> **YOUR INSTRUCTIONS**: Transcribe all the records with complete accuracy.

> **SUPPLIED RECORDS**:
☆ ☆ ☆ ☆

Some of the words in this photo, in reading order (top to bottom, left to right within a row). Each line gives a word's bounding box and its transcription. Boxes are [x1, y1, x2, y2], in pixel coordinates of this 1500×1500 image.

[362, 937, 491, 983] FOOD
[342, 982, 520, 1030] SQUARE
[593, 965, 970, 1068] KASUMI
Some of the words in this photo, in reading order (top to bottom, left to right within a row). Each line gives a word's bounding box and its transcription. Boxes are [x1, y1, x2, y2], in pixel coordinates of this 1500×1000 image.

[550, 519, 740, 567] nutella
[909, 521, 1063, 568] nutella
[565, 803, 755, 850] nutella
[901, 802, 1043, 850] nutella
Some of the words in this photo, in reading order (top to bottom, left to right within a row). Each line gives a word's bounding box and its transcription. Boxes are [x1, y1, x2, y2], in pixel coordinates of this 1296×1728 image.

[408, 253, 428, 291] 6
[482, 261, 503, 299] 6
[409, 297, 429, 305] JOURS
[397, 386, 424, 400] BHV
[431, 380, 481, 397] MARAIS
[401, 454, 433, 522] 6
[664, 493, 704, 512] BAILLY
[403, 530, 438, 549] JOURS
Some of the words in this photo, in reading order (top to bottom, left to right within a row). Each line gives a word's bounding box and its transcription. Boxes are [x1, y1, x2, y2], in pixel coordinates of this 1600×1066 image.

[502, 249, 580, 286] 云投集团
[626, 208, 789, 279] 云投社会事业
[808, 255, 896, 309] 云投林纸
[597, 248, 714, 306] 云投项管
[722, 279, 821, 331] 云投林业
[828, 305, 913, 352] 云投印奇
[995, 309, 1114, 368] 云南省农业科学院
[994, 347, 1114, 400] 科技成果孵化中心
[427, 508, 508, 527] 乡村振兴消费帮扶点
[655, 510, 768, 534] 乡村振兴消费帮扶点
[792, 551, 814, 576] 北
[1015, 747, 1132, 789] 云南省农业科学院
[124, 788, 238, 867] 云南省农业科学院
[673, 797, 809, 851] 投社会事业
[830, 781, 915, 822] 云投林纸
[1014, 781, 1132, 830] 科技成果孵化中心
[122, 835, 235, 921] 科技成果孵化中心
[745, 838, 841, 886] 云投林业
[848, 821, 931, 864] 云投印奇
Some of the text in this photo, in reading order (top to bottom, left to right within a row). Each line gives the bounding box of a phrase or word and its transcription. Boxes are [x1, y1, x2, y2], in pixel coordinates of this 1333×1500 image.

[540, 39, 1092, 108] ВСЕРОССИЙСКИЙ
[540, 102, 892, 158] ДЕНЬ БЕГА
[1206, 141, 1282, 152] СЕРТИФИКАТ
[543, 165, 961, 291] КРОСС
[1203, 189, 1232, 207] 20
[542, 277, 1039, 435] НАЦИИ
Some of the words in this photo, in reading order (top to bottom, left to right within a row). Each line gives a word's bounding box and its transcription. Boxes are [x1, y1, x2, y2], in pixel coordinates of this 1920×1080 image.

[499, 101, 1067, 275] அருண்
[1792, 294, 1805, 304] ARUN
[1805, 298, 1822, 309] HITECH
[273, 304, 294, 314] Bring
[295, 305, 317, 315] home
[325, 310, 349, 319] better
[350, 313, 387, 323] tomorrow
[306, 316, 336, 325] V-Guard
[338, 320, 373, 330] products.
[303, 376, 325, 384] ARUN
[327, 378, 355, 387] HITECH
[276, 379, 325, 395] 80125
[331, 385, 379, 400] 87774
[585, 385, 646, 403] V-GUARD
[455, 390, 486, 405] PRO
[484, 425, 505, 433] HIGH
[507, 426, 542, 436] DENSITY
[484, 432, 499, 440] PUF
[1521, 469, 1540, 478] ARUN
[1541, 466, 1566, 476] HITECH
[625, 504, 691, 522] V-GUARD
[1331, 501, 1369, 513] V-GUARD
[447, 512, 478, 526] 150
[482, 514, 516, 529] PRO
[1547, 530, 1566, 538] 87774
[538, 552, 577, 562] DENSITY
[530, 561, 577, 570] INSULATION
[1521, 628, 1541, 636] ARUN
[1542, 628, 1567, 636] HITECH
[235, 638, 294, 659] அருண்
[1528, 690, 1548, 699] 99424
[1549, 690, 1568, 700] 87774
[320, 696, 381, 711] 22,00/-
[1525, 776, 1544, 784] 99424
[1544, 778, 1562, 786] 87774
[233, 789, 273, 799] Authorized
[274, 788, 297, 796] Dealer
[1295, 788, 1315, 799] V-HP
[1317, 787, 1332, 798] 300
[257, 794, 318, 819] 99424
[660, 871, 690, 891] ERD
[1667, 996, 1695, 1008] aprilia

☆ ☆ ☆ ☆

> **ANSWER BOX**:
Some of the words in this photo, in reading order (top to bottom, left to right within a row). Each line gives a word's bounding box and its transcription. Boxes are [x1, y1, x2, y2], in pixel coordinates of this 1500×1500 image.

[362, 937, 491, 983] FOOD
[342, 982, 520, 1030] SQUARE
[593, 965, 970, 1068] KASUMI
Some of the words in this photo, in reading order (top to bottom, left to right within a row). Each line gives a word's bounding box and its transcription. Boxes are [x1, y1, x2, y2], in pixel coordinates of this 1500×1000 image.

[550, 519, 740, 567] nutella
[909, 521, 1063, 568] nutella
[565, 803, 755, 850] nutella
[901, 802, 1043, 850] nutella
Some of the words in this photo, in reading order (top to bottom, left to right within a row). Each line gives a word's bounding box and its transcription. Boxes are [x1, y1, x2, y2], in pixel coordinates of this 1296×1728 image.

[408, 253, 428, 291] 6
[482, 261, 503, 299] 6
[409, 297, 429, 305] JOURS
[397, 386, 424, 400] BHV
[431, 380, 481, 397] MARAIS
[401, 454, 433, 522] 6
[664, 493, 704, 512] BAILLY
[403, 530, 438, 549] JOURS
Some of the words in this photo, in reading order (top to bottom, left to right within a row). Each line gives a word's bounding box and its transcription. Boxes are [x1, y1, x2, y2], in pixel coordinates of this 1600×1066 image.

[502, 249, 580, 286] 云投集团
[626, 208, 789, 279] 云投社会事业
[808, 255, 896, 309] 云投林纸
[597, 248, 714, 306] 云投项管
[722, 279, 821, 331] 云投林业
[828, 305, 913, 352] 云投印奇
[995, 309, 1114, 368] 云南省农业科学院
[994, 347, 1114, 400] 科技成果孵化中心
[427, 508, 508, 527] 乡村振兴消费帮扶点
[655, 510, 768, 534] 乡村振兴消费帮扶点
[792, 551, 814, 576] 北
[1015, 747, 1132, 789] 云南省农业科学院
[124, 788, 238, 867] 云南省农业科学院
[673, 797, 809, 851] 投社会事业
[830, 781, 915, 822] 云投林纸
[1014, 781, 1132, 830] 科技成果孵化中心
[122, 835, 235, 921] 科技成果孵化中心
[745, 838, 841, 886] 云投林业
[848, 821, 931, 864] 云投印奇
Some of the text in this photo, in reading order (top to bottom, left to right within a row). Each line gives the bounding box of a phrase or word and its transcription. Boxes are [x1, y1, x2, y2], in pixel coordinates of this 1333×1500 image.

[540, 39, 1092, 108] ВСЕРОССИЙСКИЙ
[540, 102, 892, 158] ДЕНЬ БЕГА
[1206, 141, 1282, 152] СЕРТИФИКАТ
[543, 165, 961, 291] КРОСС
[1203, 189, 1232, 207] 20
[542, 277, 1039, 435] НАЦИИ
Some of the words in this photo, in reading order (top to bottom, left to right within a row). Each line gives a word's bounding box and its transcription. Boxes are [x1, y1, x2, y2], in pixel coordinates of this 1920×1080 image.

[499, 101, 1067, 275] அருண்
[1792, 294, 1805, 304] ARUN
[1805, 298, 1822, 309] HITECH
[273, 304, 294, 314] Bring
[295, 305, 317, 315] home
[325, 310, 349, 319] better
[350, 313, 387, 323] tomorrow
[306, 316, 336, 325] V-Guard
[338, 320, 373, 330] products.
[303, 376, 325, 384] ARUN
[327, 378, 355, 387] HITECH
[276, 379, 325, 395] 80125
[331, 385, 379, 400] 87774
[585, 385, 646, 403] V-GUARD
[455, 390, 486, 405] PRO
[484, 425, 505, 433] HIGH
[507, 426, 542, 436] DENSITY
[484, 432, 499, 440] PUF
[1521, 469, 1540, 478] ARUN
[1541, 466, 1566, 476] HITECH
[625, 504, 691, 522] V-GUARD
[1331, 501, 1369, 513] V-GUARD
[447, 512, 478, 526] 150
[482, 514, 516, 529] PRO
[1547, 530, 1566, 538] 87774
[538, 552, 577, 562] DENSITY
[530, 561, 577, 570] INSULATION
[1521, 628, 1541, 636] ARUN
[1542, 628, 1567, 636] HITECH
[235, 638, 294, 659] அருண்
[1528, 690, 1548, 699] 99424
[1549, 690, 1568, 700] 87774
[320, 696, 381, 711] 22,00/-
[1525, 776, 1544, 784] 99424
[1544, 778, 1562, 786] 87774
[233, 789, 273, 799] Authorized
[274, 788, 297, 796] Dealer
[1295, 788, 1315, 799] V-HP
[1317, 787, 1332, 798] 300
[257, 794, 318, 819] 99424
[660, 871, 690, 891] ERD
[1667, 996, 1695, 1008] aprilia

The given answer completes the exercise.